• **SUPPLIED MATERIAL**
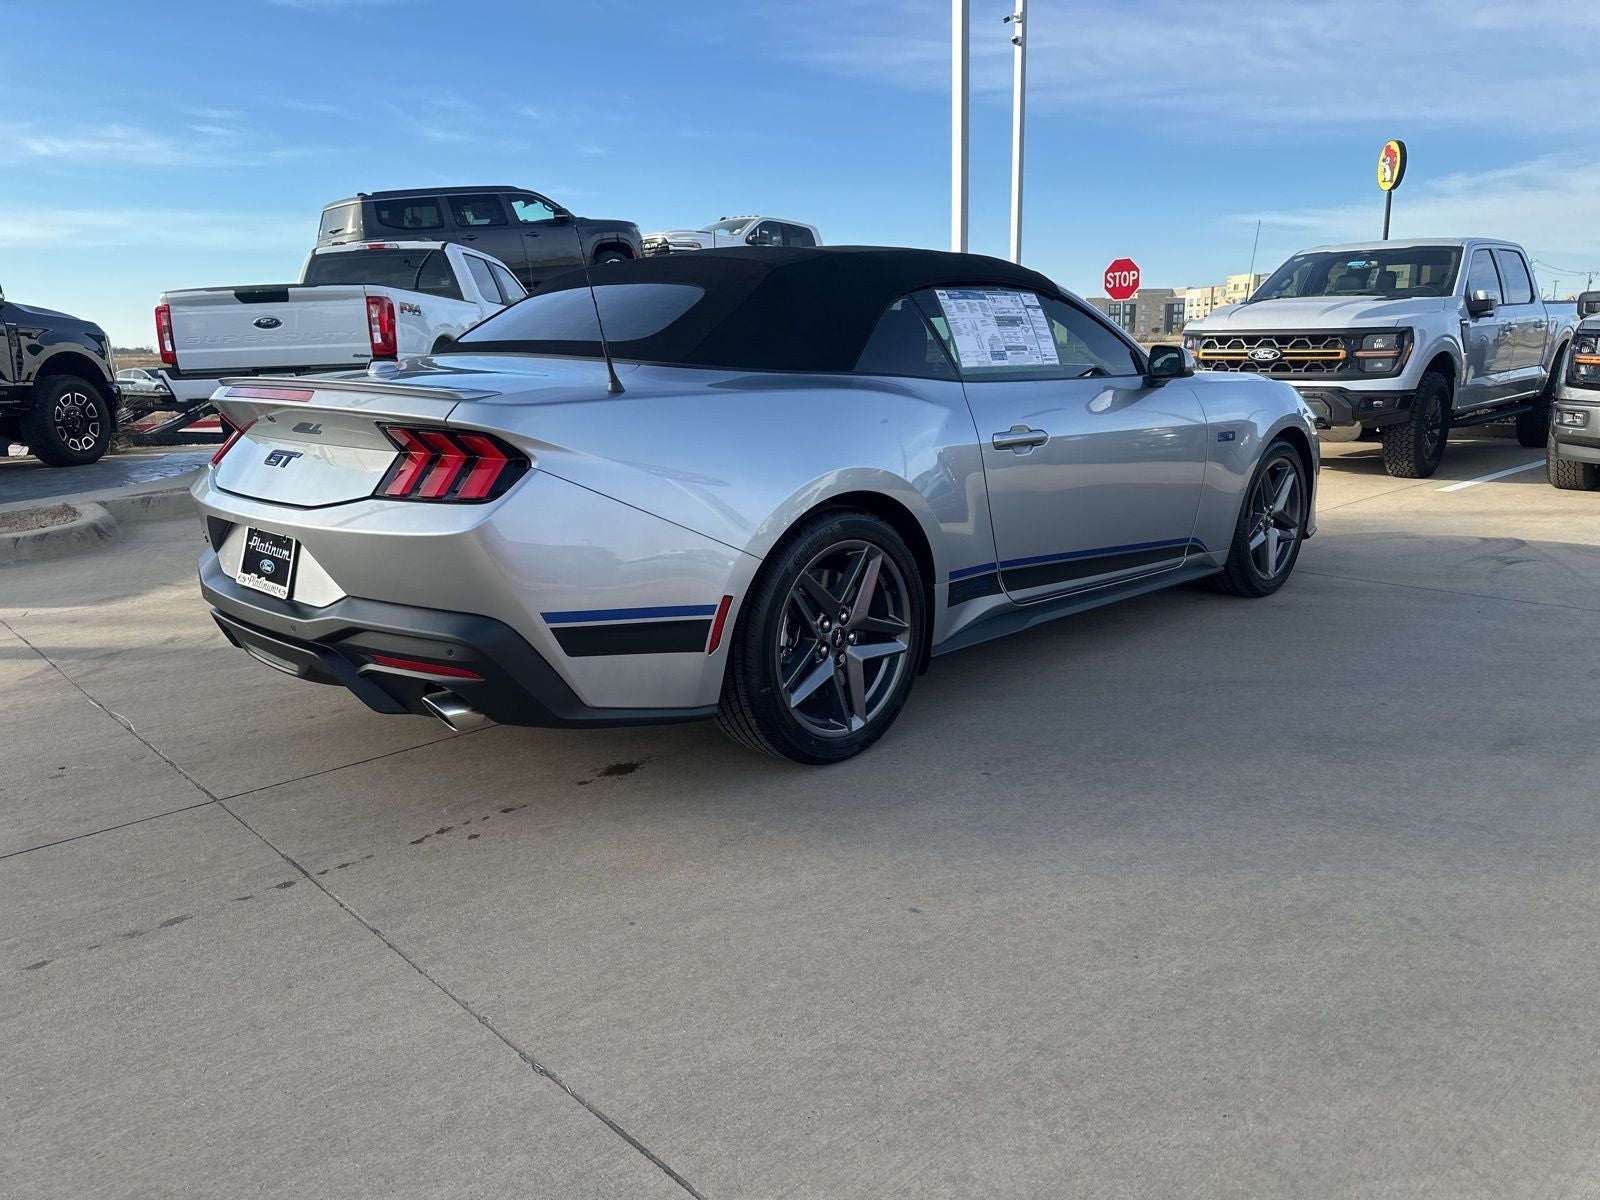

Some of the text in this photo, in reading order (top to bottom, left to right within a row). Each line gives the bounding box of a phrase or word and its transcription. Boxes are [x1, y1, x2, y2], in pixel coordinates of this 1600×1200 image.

[1106, 270, 1138, 288] STOP
[399, 301, 421, 314] FX4
[184, 331, 359, 344] SUPER DUTY
[1254, 350, 1276, 359] Ford
[264, 449, 304, 468] GT
[248, 535, 292, 561] Platinum
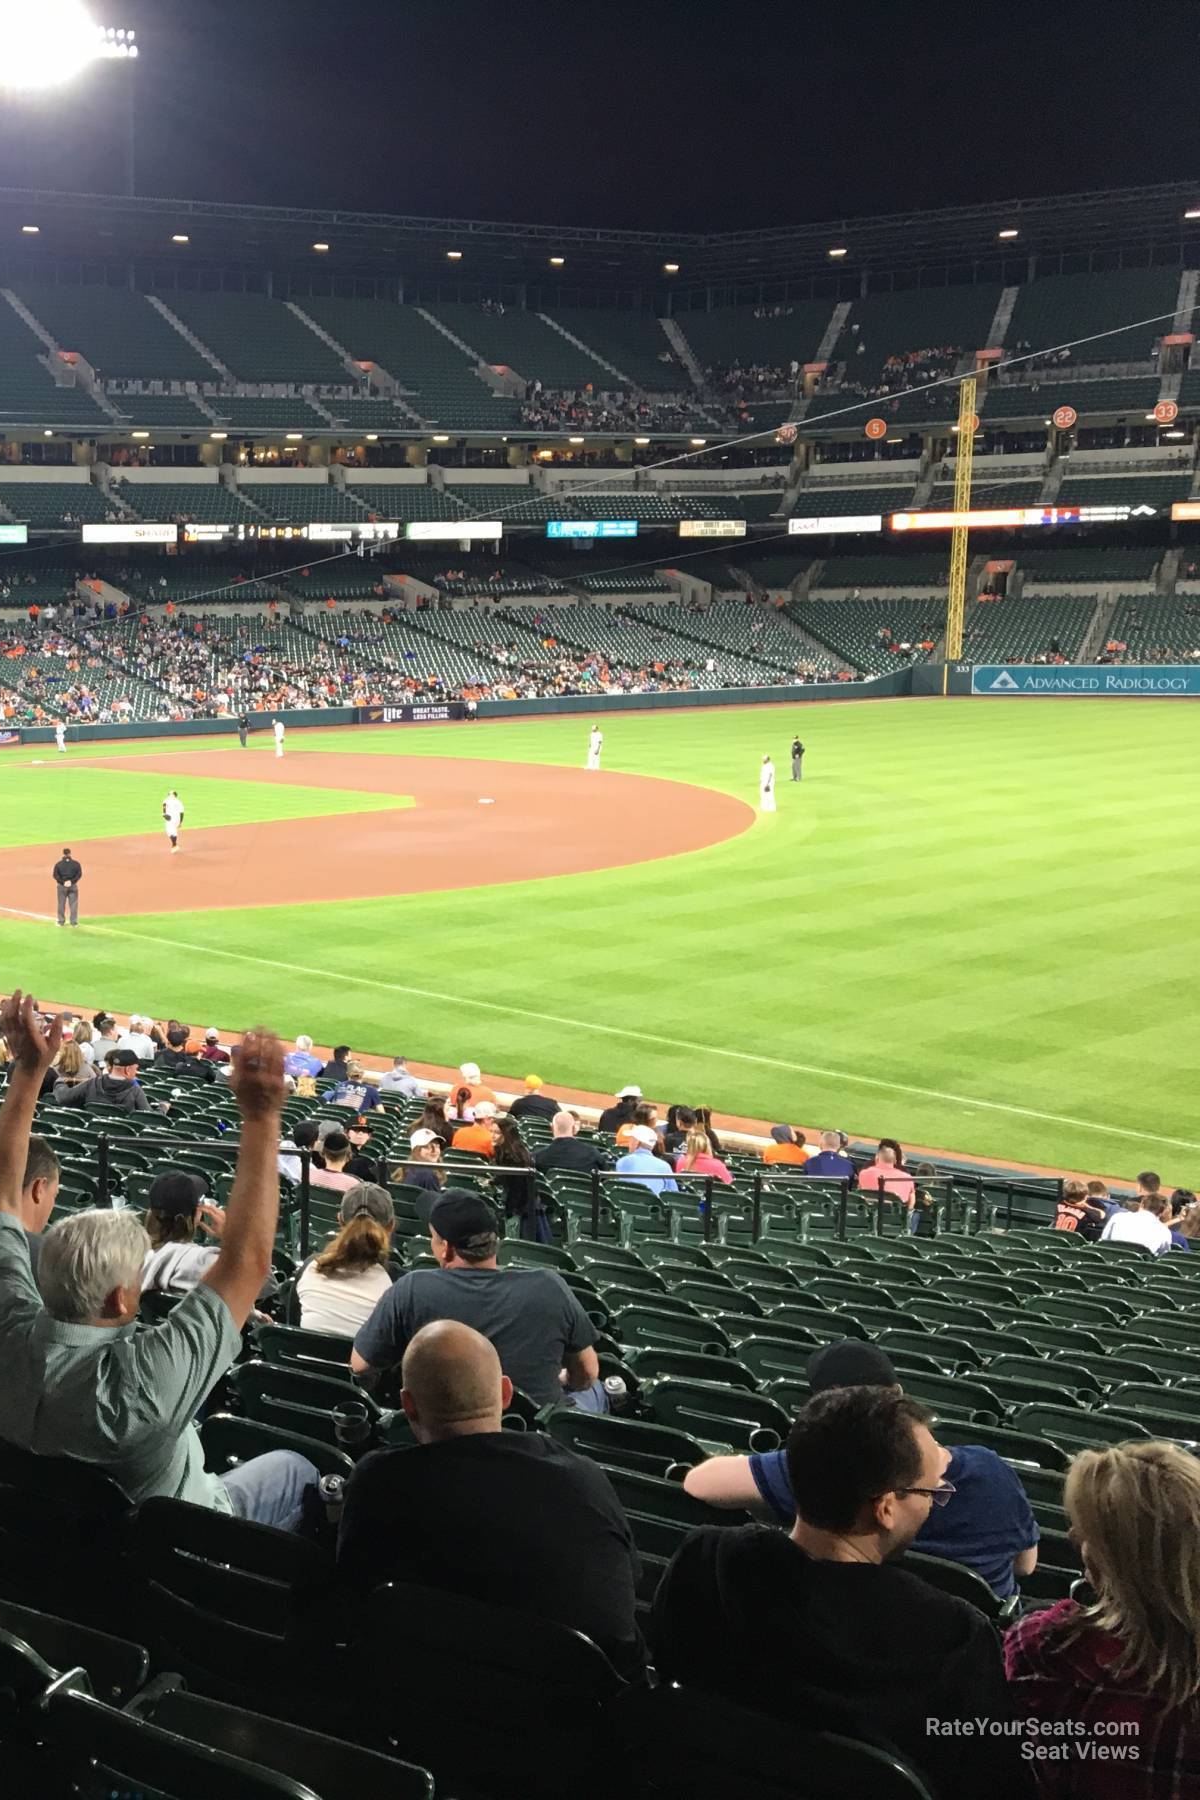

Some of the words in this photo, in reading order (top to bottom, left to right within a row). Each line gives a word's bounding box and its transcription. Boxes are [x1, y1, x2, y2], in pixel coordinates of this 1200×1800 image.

[1158, 405, 1174, 417] 33
[1057, 412, 1073, 423] 22
[872, 424, 880, 434] 5
[1024, 675, 1099, 689] ADVANCED
[1106, 675, 1191, 690] RADIOLOGY
[383, 707, 402, 722] Lite
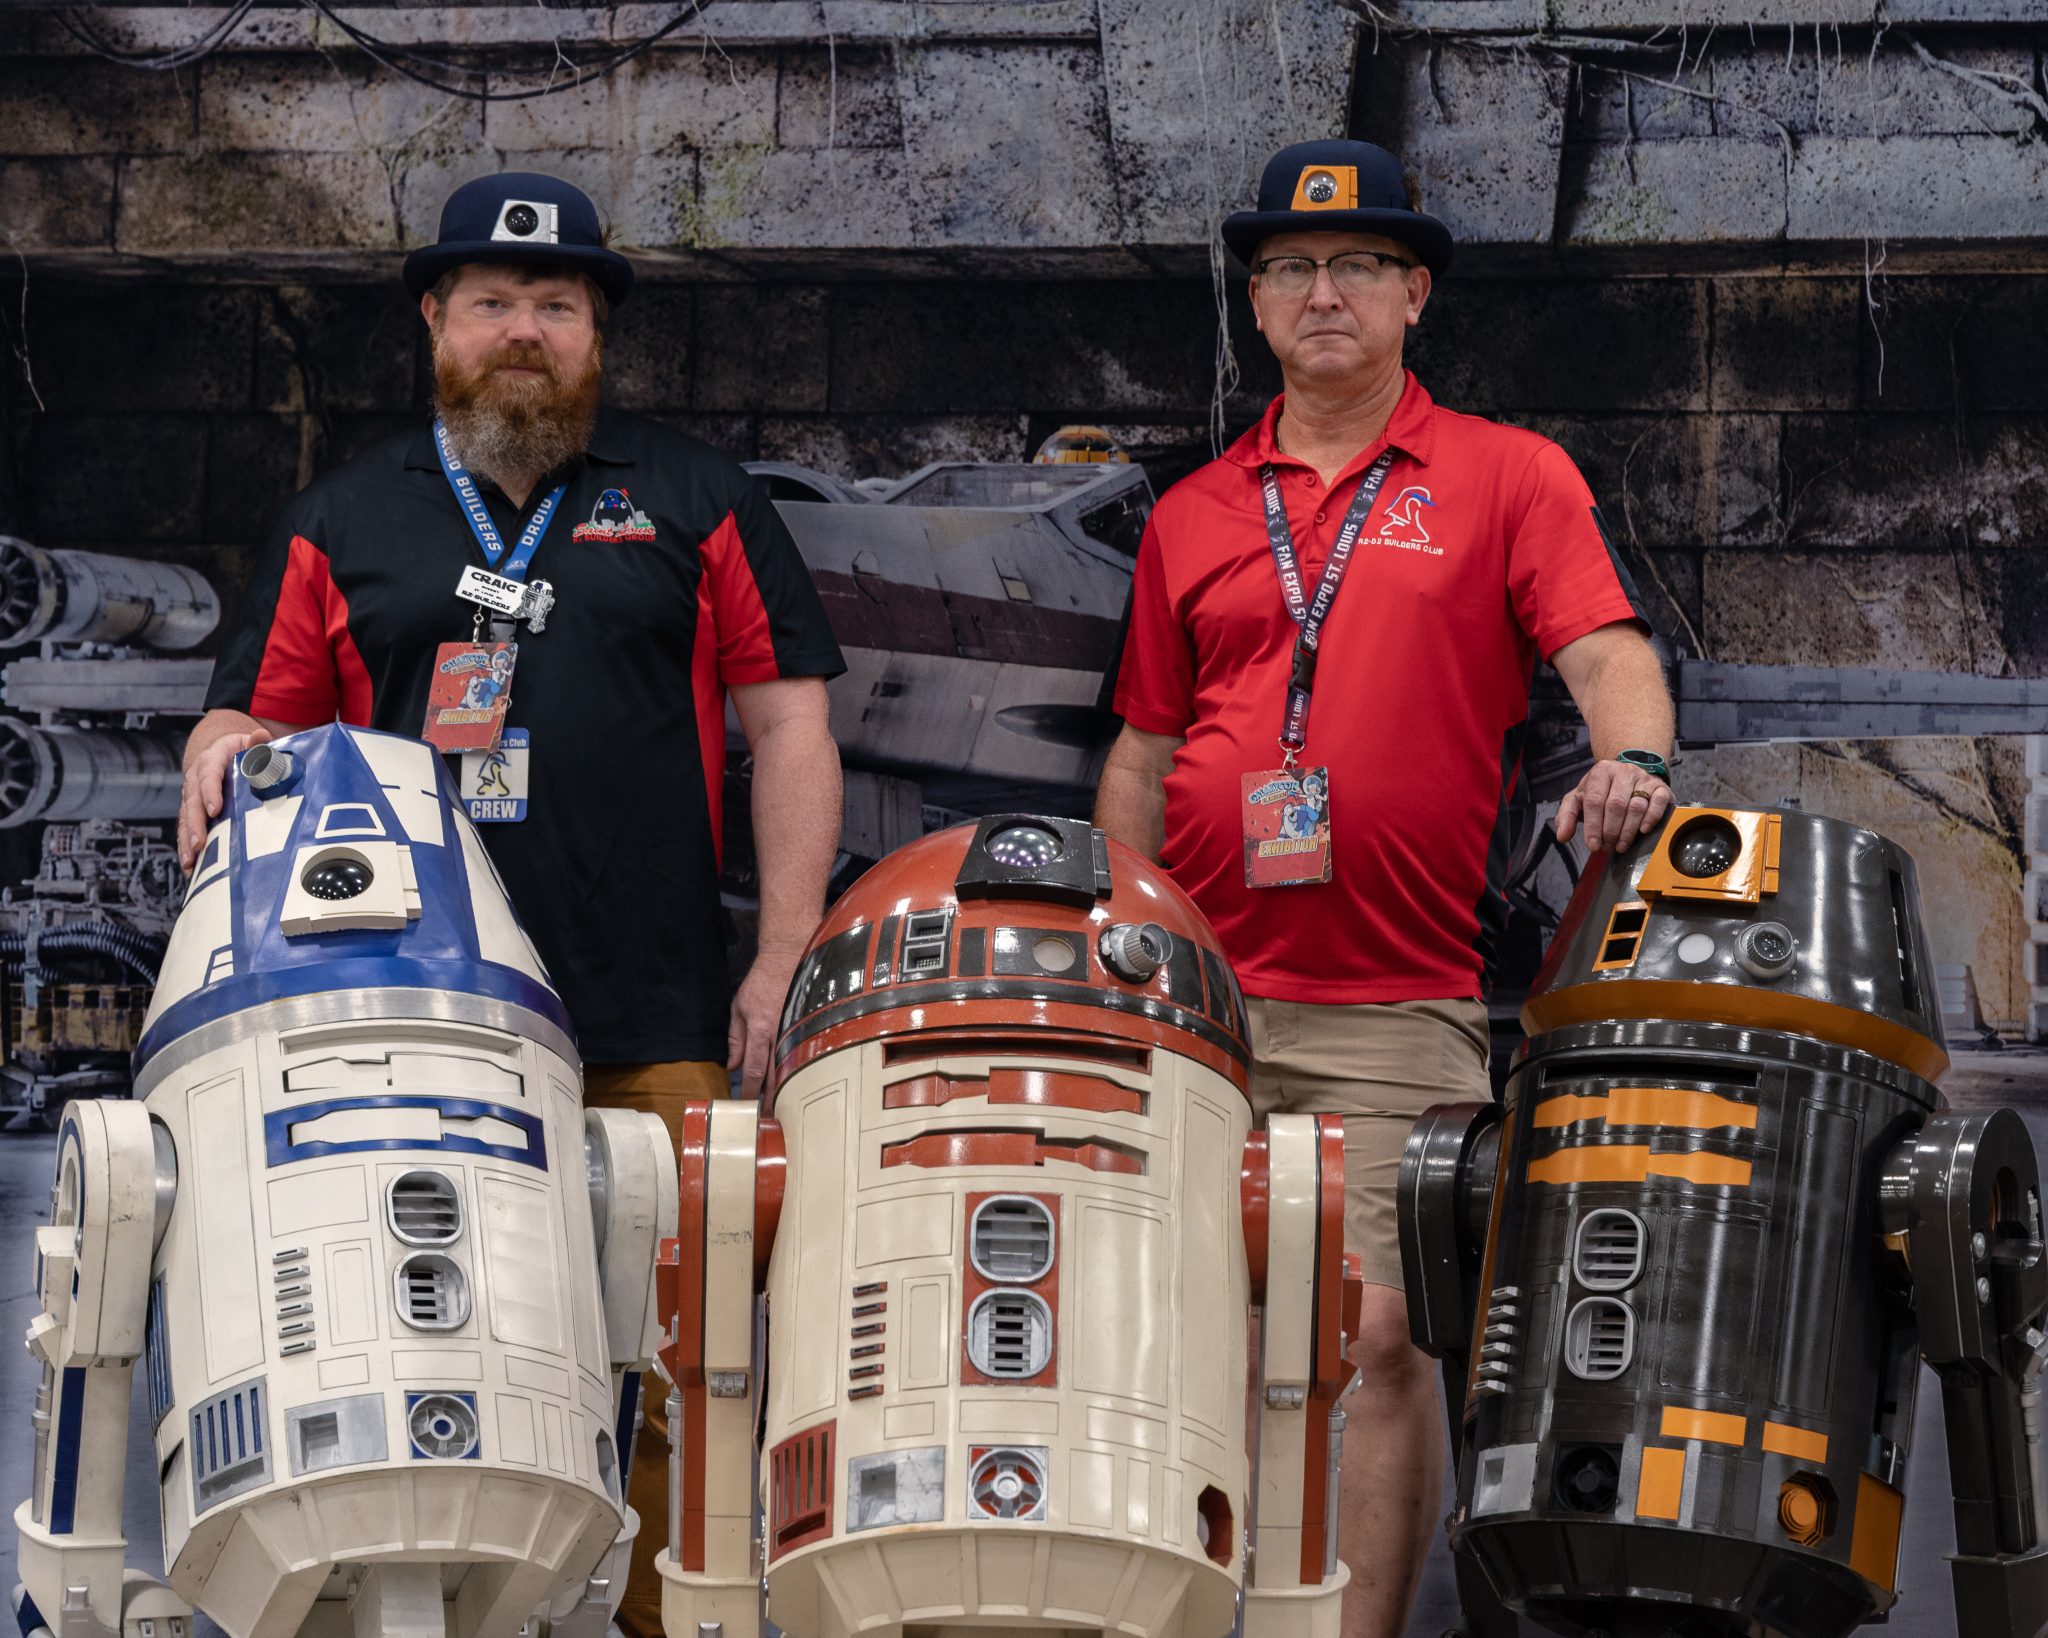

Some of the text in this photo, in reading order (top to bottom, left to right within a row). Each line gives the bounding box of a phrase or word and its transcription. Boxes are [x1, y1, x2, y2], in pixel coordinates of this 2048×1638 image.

• **EXERCISE PROMPT**
Leaving each image aside, repeat the listing above exactly.

• **PROBLEM SOLUTION**
Some of the text in this photo, in reading order (top to bottom, left to right within a row). Each line gives the bounding box of a phrase or word and its transcription. Boxes are [x1, y1, x2, y2], in pixel coordinates of this 1600×1200 image.

[1106, 270, 1138, 288] STOP
[399, 301, 421, 314] FX4
[184, 331, 359, 344] SUPER DUTY
[1254, 350, 1276, 359] Ford
[264, 449, 304, 468] GT
[248, 535, 292, 561] Platinum

Some of the words in this photo, in reading order (top to bottom, left to right within a row). Each line gives a word's bounding box and its transcription. Boxes are [x1, y1, x2, y2], in pixel coordinates of this 1200×1800 image.

[1158, 405, 1174, 417] 33
[1057, 412, 1073, 423] 22
[872, 424, 880, 434] 5
[1024, 675, 1099, 689] ADVANCED
[1106, 675, 1191, 690] RADIOLOGY
[383, 707, 402, 722] Lite

Some of the text in this photo, in reading order (top to bottom, left to right within a row). Each line gives the bounding box of a phrase or word and its transcription. Boxes are [x1, y1, x2, y2], in pixel coordinates of this 2048×1638 image.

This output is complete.